Repeat every entry word for word; omit all pictures.

Saved entries
*** Block opens ***
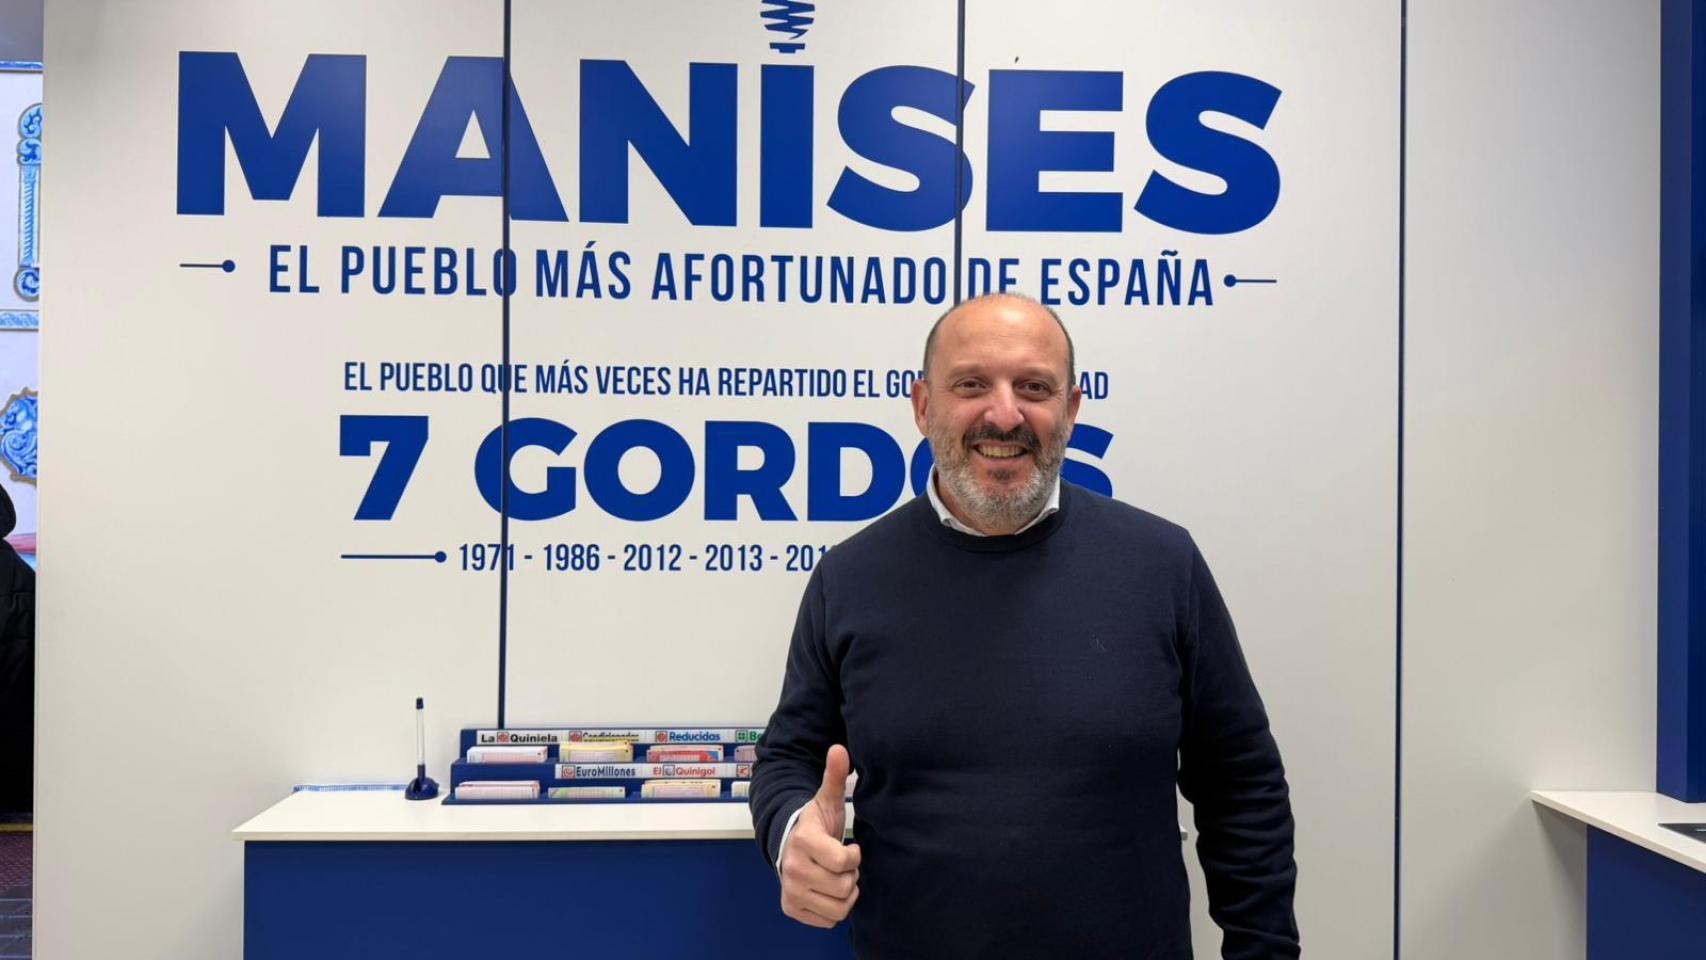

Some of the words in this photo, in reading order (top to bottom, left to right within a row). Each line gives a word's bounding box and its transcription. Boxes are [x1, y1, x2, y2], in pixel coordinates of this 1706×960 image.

[177, 51, 1282, 235] MANISES
[270, 245, 320, 294] EL
[342, 246, 517, 296] PUEBLO
[536, 240, 631, 300] MÁS
[651, 253, 947, 305] AFORTUNADO
[968, 258, 1020, 298] DE
[1041, 249, 1214, 306] ESPAÑA
[345, 362, 372, 391] EL
[380, 362, 473, 392] PUEBLO
[481, 363, 528, 394] QUE
[536, 358, 589, 394] MÁS
[596, 366, 672, 395] VECES
[679, 367, 711, 395] HA
[718, 368, 847, 397] REPARTIDO
[853, 370, 880, 398] EL
[340, 415, 429, 521] 7
[459, 543, 515, 571] 1971
[543, 543, 600, 571] 1986
[624, 543, 682, 571] 2012
[706, 544, 763, 572] 2013
[481, 734, 495, 743] La
[510, 733, 558, 743] Quiniela
[669, 731, 721, 741] Reducidas
[576, 766, 636, 777] EuroMillones
[653, 767, 662, 776] El
[676, 767, 716, 778] Quinigol
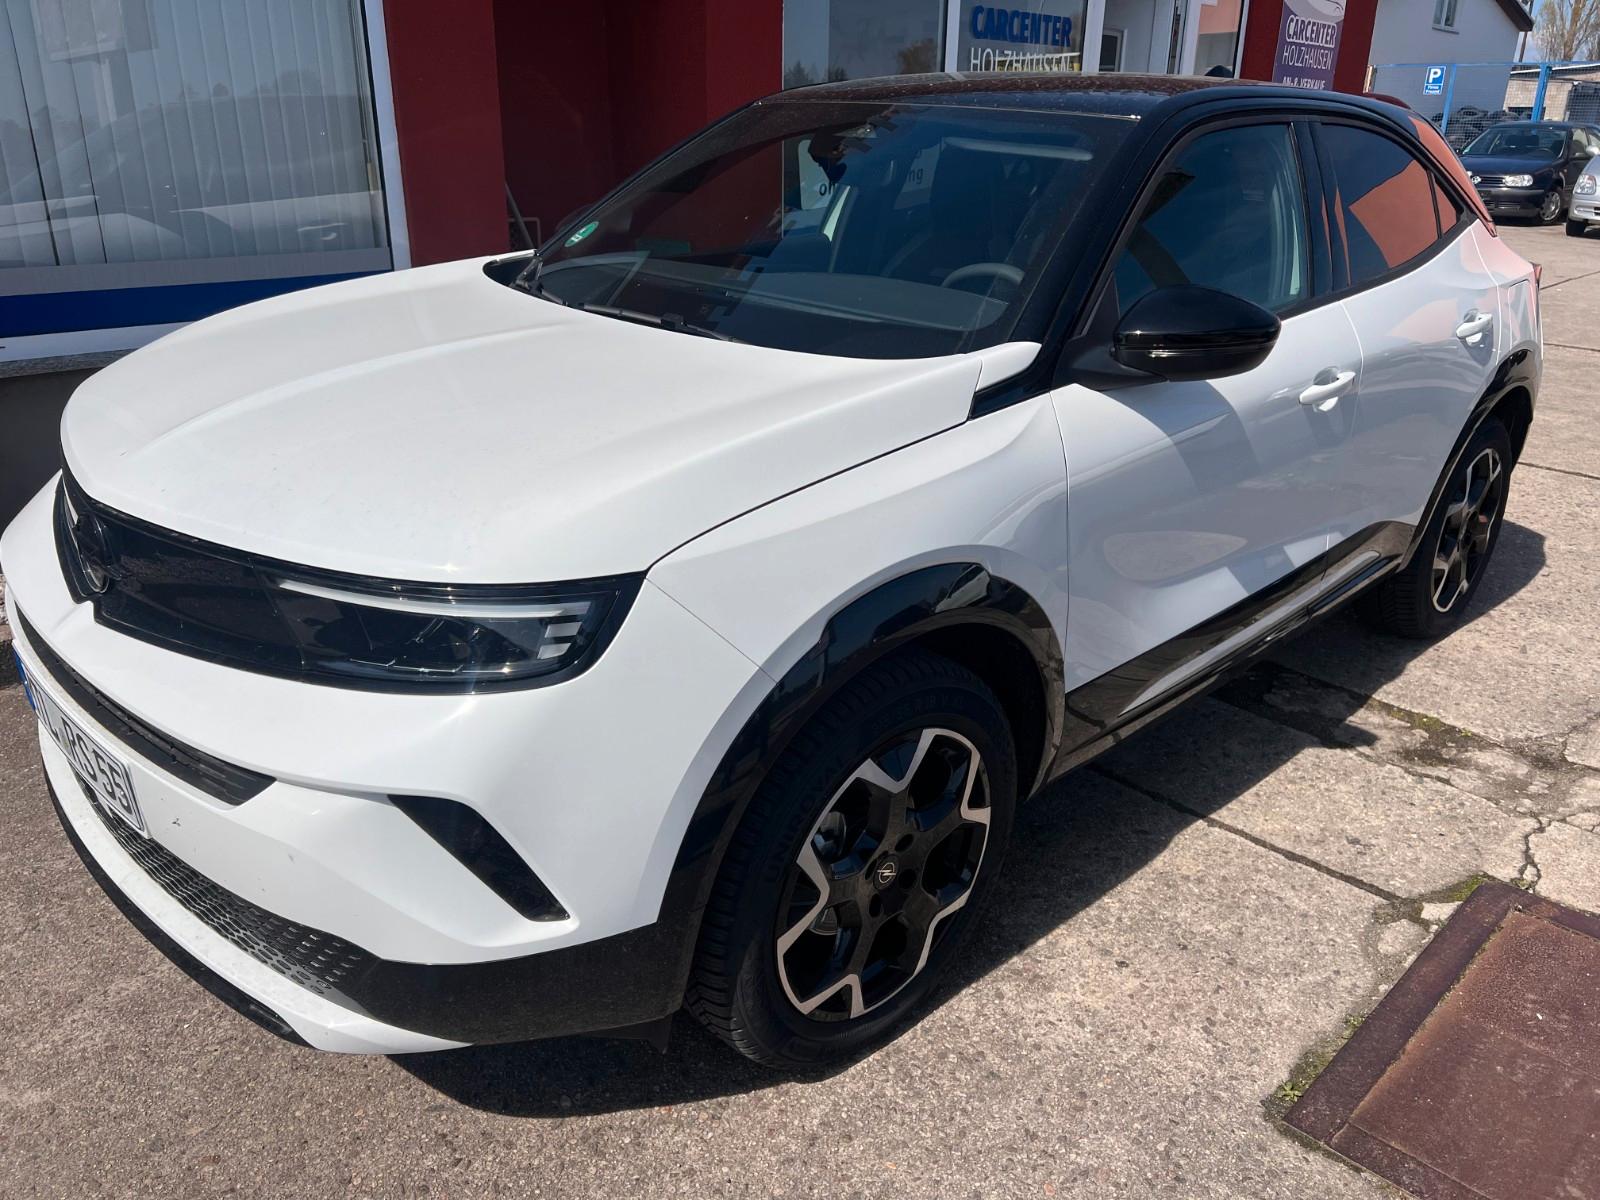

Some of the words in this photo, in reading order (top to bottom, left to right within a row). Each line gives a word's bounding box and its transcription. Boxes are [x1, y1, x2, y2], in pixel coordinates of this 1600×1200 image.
*** Block closes ***
Response for this exercise:
Some of the words in this photo, in reading order (top to bottom, left to right within a row). Each line gives a word's bounding box and its transcription. Boxes are [x1, y1, x2, y2], in pixel coordinates of this 1706×960 image.

[177, 51, 1282, 235] MANISES
[270, 245, 320, 294] EL
[342, 246, 517, 296] PUEBLO
[536, 240, 631, 300] MÁS
[651, 253, 947, 305] AFORTUNADO
[968, 258, 1020, 298] DE
[1041, 249, 1214, 306] ESPAÑA
[345, 362, 372, 391] EL
[380, 362, 473, 392] PUEBLO
[481, 363, 528, 394] QUE
[536, 358, 589, 394] MÁS
[596, 366, 672, 395] VECES
[679, 367, 711, 395] HA
[718, 368, 847, 397] REPARTIDO
[853, 370, 880, 398] EL
[340, 415, 429, 521] 7
[459, 543, 515, 571] 1971
[543, 543, 600, 571] 1986
[624, 543, 682, 571] 2012
[706, 544, 763, 572] 2013
[481, 734, 495, 743] La
[510, 733, 558, 743] Quiniela
[669, 731, 721, 741] Reducidas
[576, 766, 636, 777] EuroMillones
[653, 767, 662, 776] El
[676, 767, 716, 778] Quinigol

Some of the words in this photo, in reading order (top to bottom, left to right within a row). Each line gives a word's bounding box and its transcription. Boxes are [x1, y1, x2, y2], in pixel coordinates of this 1600×1200 image.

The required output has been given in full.